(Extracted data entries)

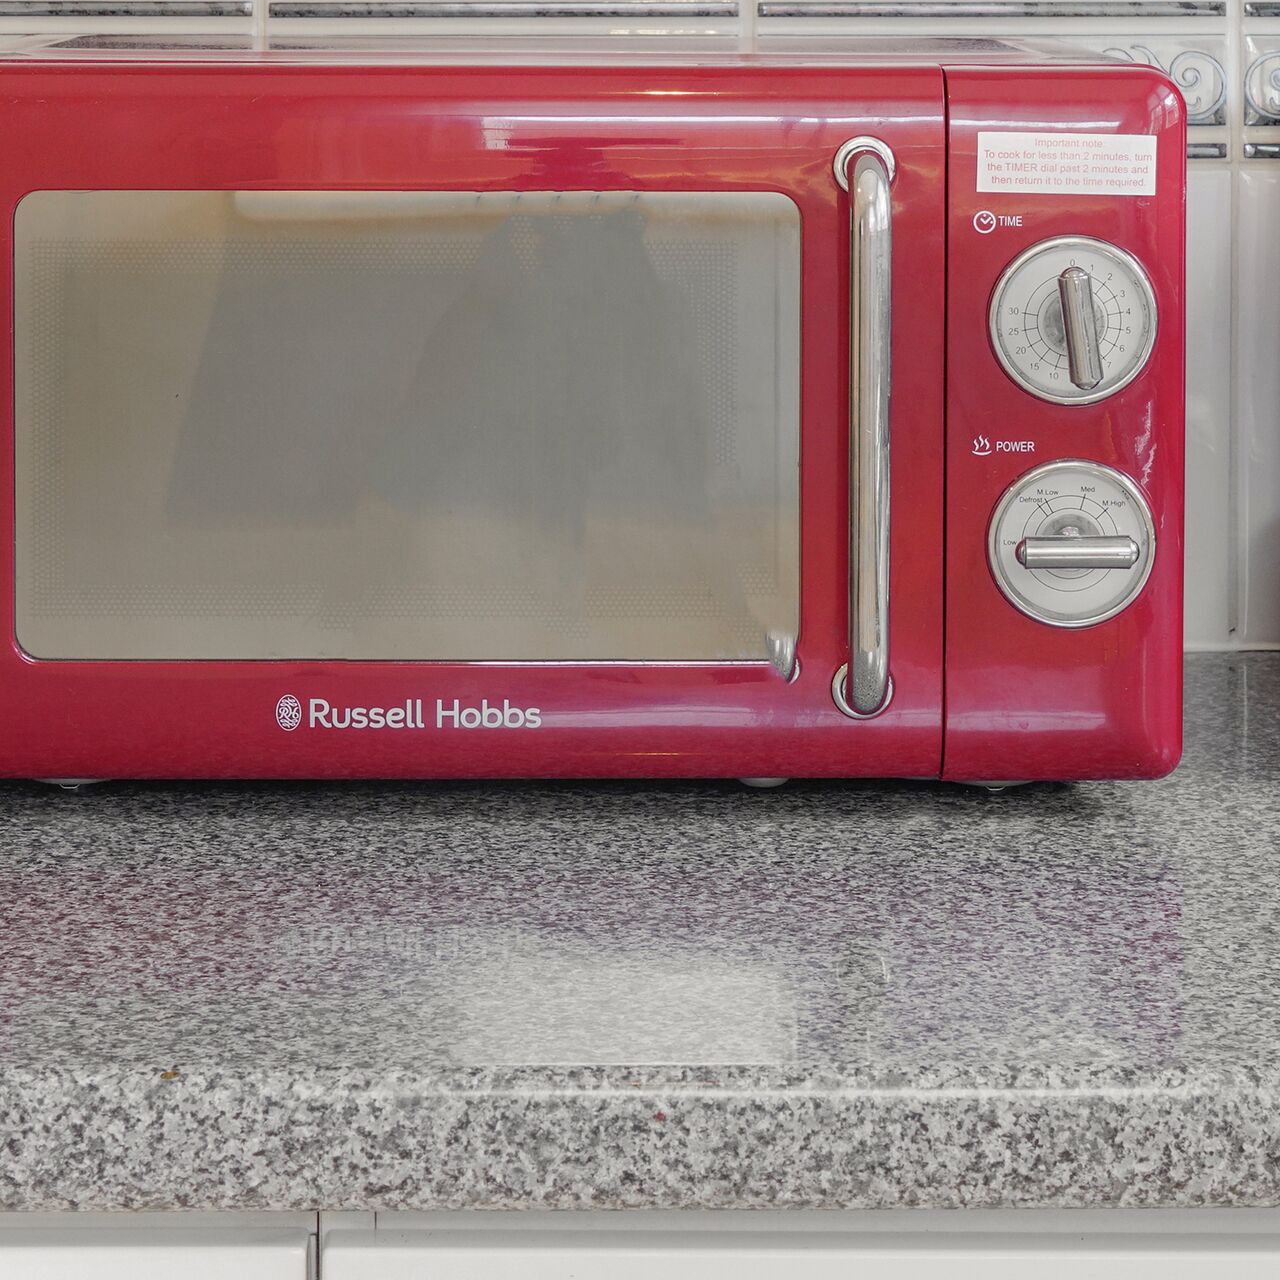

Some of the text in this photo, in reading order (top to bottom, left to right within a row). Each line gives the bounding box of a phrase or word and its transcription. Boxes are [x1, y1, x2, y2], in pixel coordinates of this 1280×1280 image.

[1034, 138, 1104, 149] Important note
[984, 149, 995, 159] To
[998, 150, 1021, 159] cook
[1023, 150, 1035, 160] for
[1038, 150, 1057, 160] less
[1060, 151, 1081, 160] than
[1083, 152, 1090, 161] 2
[1092, 152, 1132, 162] minutes,
[987, 162, 1149, 175] the TIMER dial past 2 minutes and
[991, 175, 1146, 188] then return it to the time required.
[998, 216, 1023, 227] TIME
[1008, 307, 1020, 316] 30
[1008, 327, 1020, 336] 25
[1015, 346, 1027, 355] 20
[1030, 362, 1040, 371] 15
[1049, 372, 1059, 380] 10
[996, 441, 1035, 453] POWER
[1019, 496, 1043, 504] Defrost
[309, 698, 425, 729] Russell
[436, 698, 543, 729] Hobbs
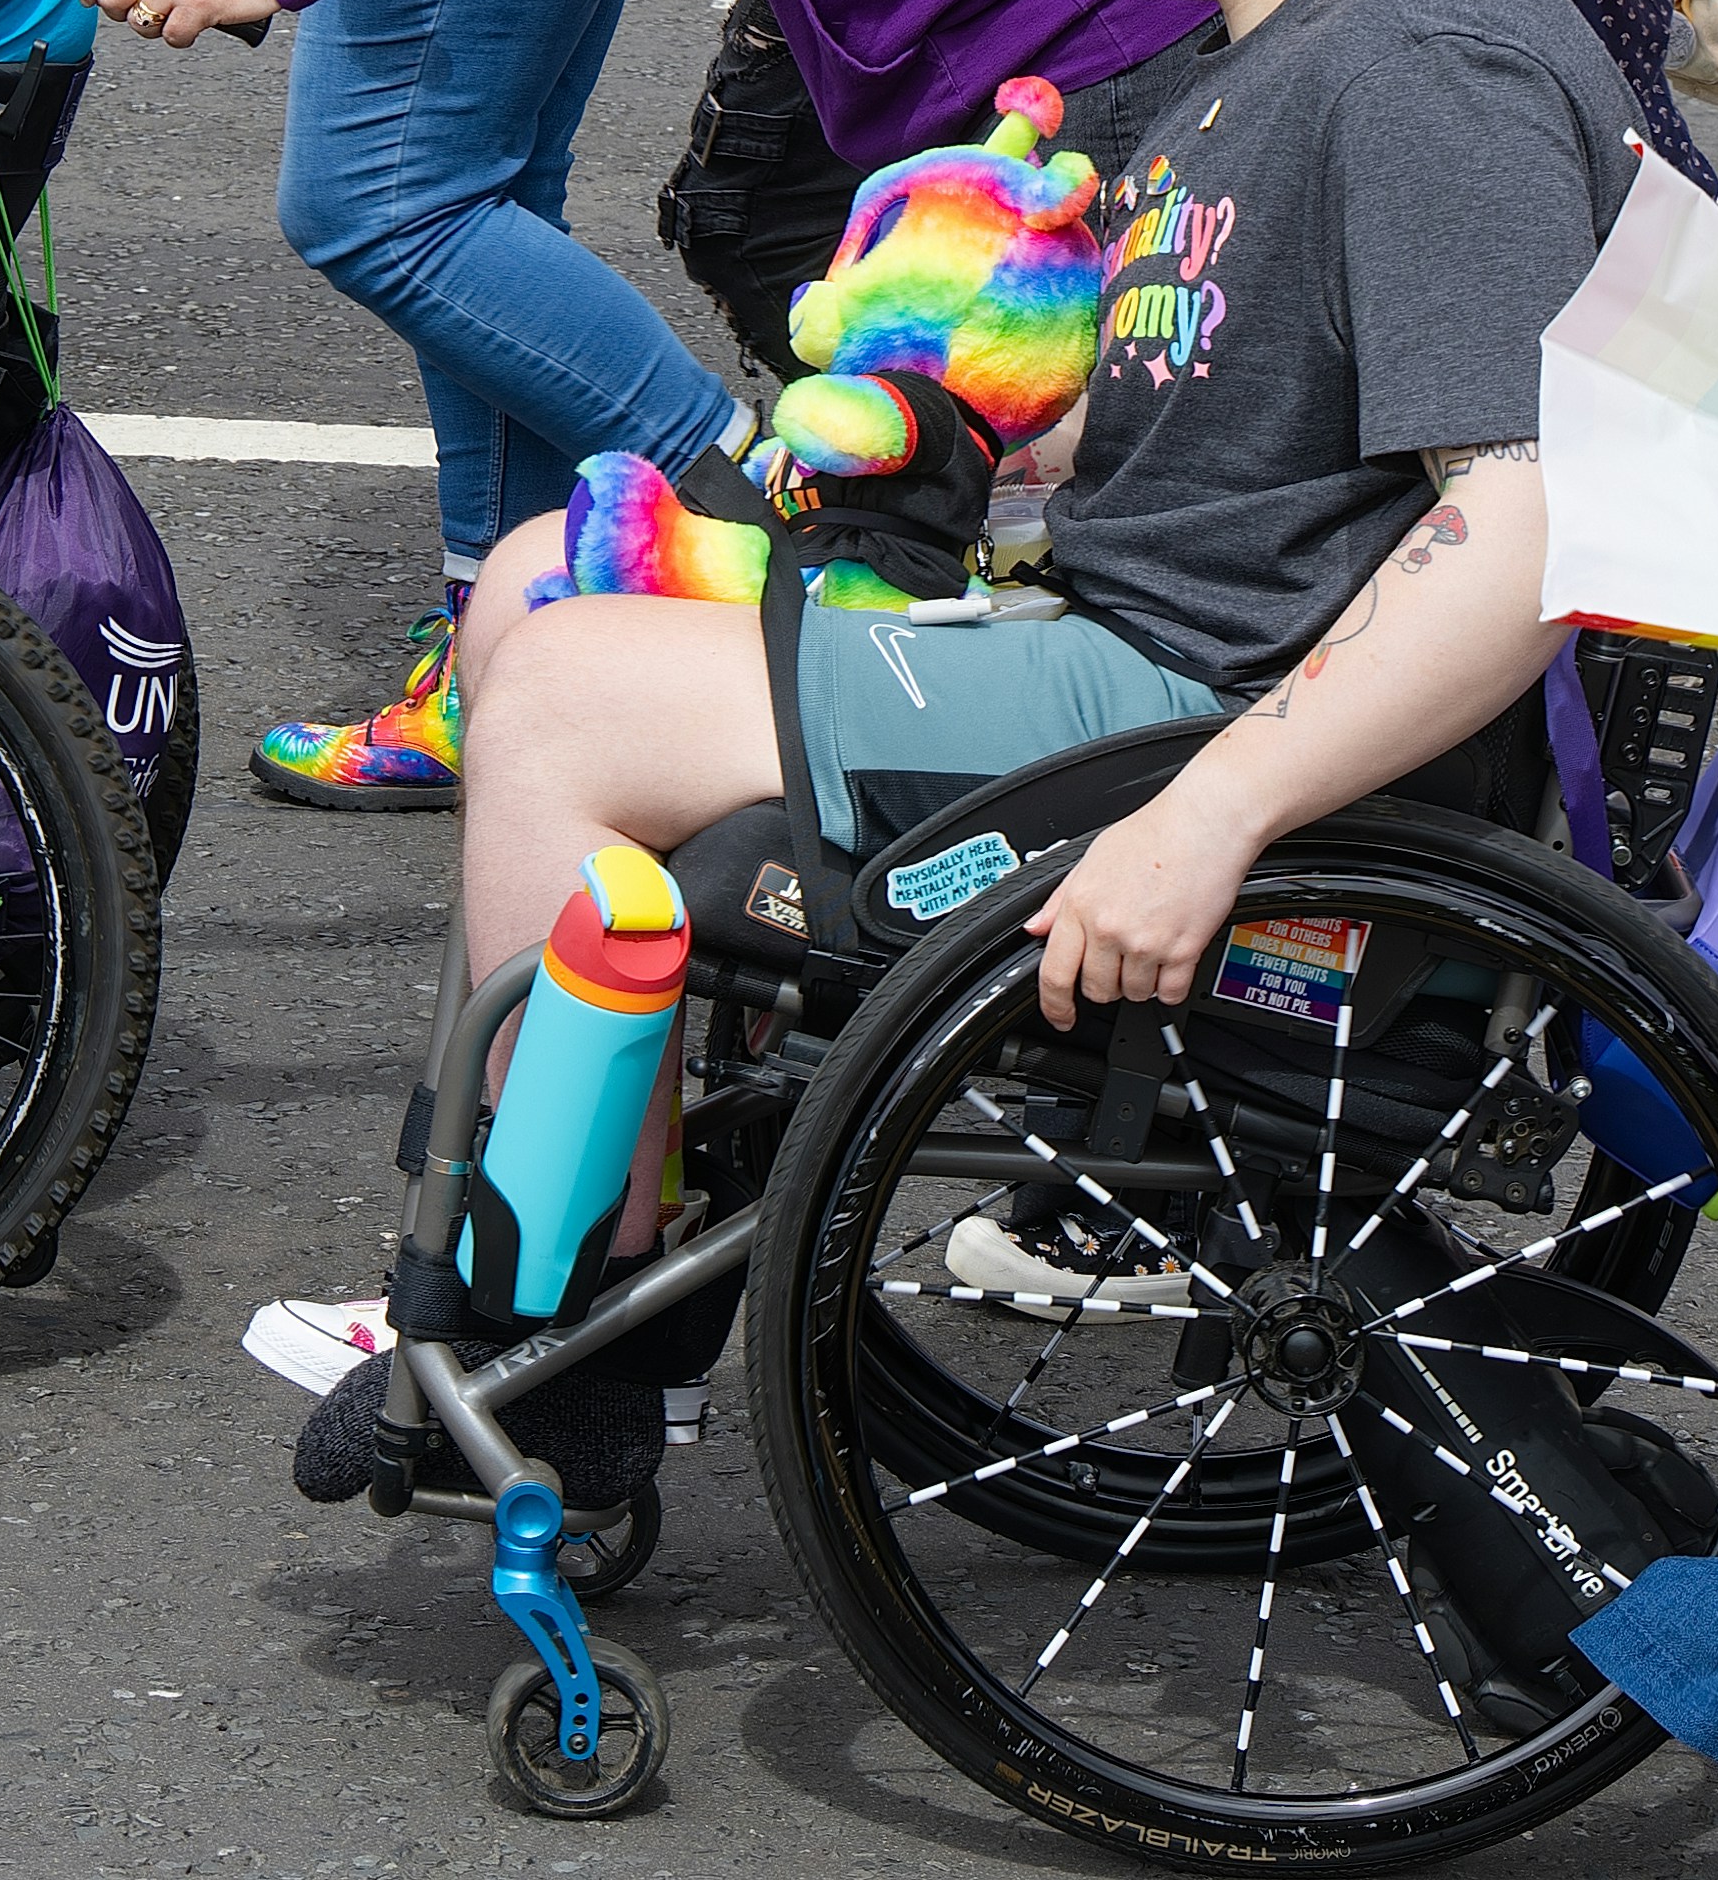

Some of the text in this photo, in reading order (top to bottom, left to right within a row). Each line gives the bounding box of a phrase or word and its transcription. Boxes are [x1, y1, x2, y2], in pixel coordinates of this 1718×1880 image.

[895, 840, 1002, 886] PHYSICALLY HERE
[895, 854, 1011, 901] MENTALLY AT HOME
[919, 872, 996, 913] WITH MY DOG
[1251, 934, 1338, 968] DOES NOT MEAN
[1266, 920, 1333, 948] FOR OTHERS
[1249, 952, 1329, 983] FEWER RIGHTS
[1259, 972, 1307, 997] FOR YOU.
[1245, 986, 1312, 1015] IT'S NOT PIE.
[1027, 1780, 1277, 1862] TRAILBLAZER
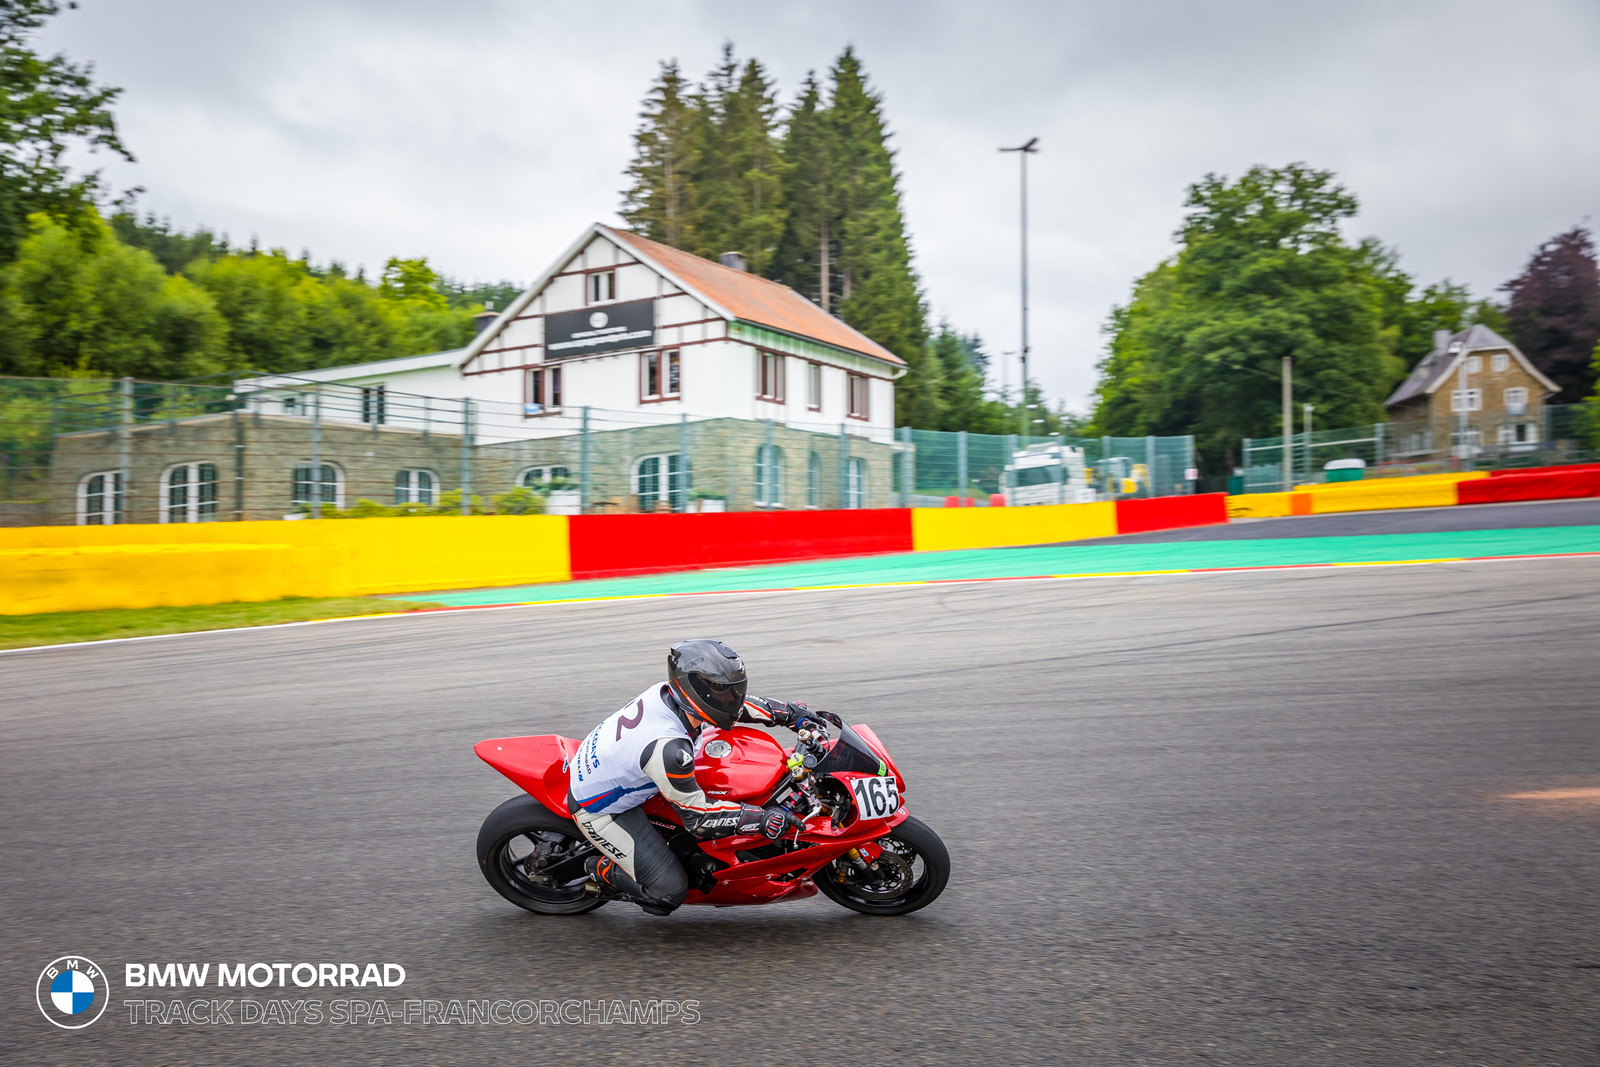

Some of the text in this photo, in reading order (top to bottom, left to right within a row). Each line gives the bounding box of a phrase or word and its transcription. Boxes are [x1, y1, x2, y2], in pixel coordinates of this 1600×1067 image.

Task directions — All of the entries above should be retyped exactly, with the pictures left out.

Expected answer —
Some of the text in this photo, in reading order (top to bottom, left to right within a row). Each line gives the bounding box of a phrase or word and its transcription. Boxes are [x1, y1, x2, y2], in pixel coordinates of this 1280×1280 image.

[1034, 138, 1104, 149] Important note
[984, 149, 995, 159] To
[998, 150, 1021, 159] cook
[1023, 150, 1035, 160] for
[1038, 150, 1057, 160] less
[1060, 151, 1081, 160] than
[1083, 152, 1090, 161] 2
[1092, 152, 1132, 162] minutes,
[987, 162, 1149, 175] the TIMER dial past 2 minutes and
[991, 175, 1146, 188] then return it to the time required.
[998, 216, 1023, 227] TIME
[1008, 307, 1020, 316] 30
[1008, 327, 1020, 336] 25
[1015, 346, 1027, 355] 20
[1030, 362, 1040, 371] 15
[1049, 372, 1059, 380] 10
[996, 441, 1035, 453] POWER
[1019, 496, 1043, 504] Defrost
[309, 698, 425, 729] Russell
[436, 698, 543, 729] Hobbs

Some of the text in this photo, in reading order (top to bottom, left to right within a row). Each line gives the bounding box of a phrase or word and its transcription. Boxes are [x1, y1, x2, y2], in pixel coordinates of this 1718×1880 image.

[895, 840, 1002, 886] PHYSICALLY HERE
[895, 854, 1011, 901] MENTALLY AT HOME
[919, 872, 996, 913] WITH MY DOG
[1251, 934, 1338, 968] DOES NOT MEAN
[1266, 920, 1333, 948] FOR OTHERS
[1249, 952, 1329, 983] FEWER RIGHTS
[1259, 972, 1307, 997] FOR YOU.
[1245, 986, 1312, 1015] IT'S NOT PIE.
[1027, 1780, 1277, 1862] TRAILBLAZER

Some of the text in this photo, in reading order (top to bottom, left to right within a row). Each line gives the bounding box of a phrase or word and its transcription. Boxes are [x1, y1, x2, y2], in pixel coordinates of this 1600×1067 image.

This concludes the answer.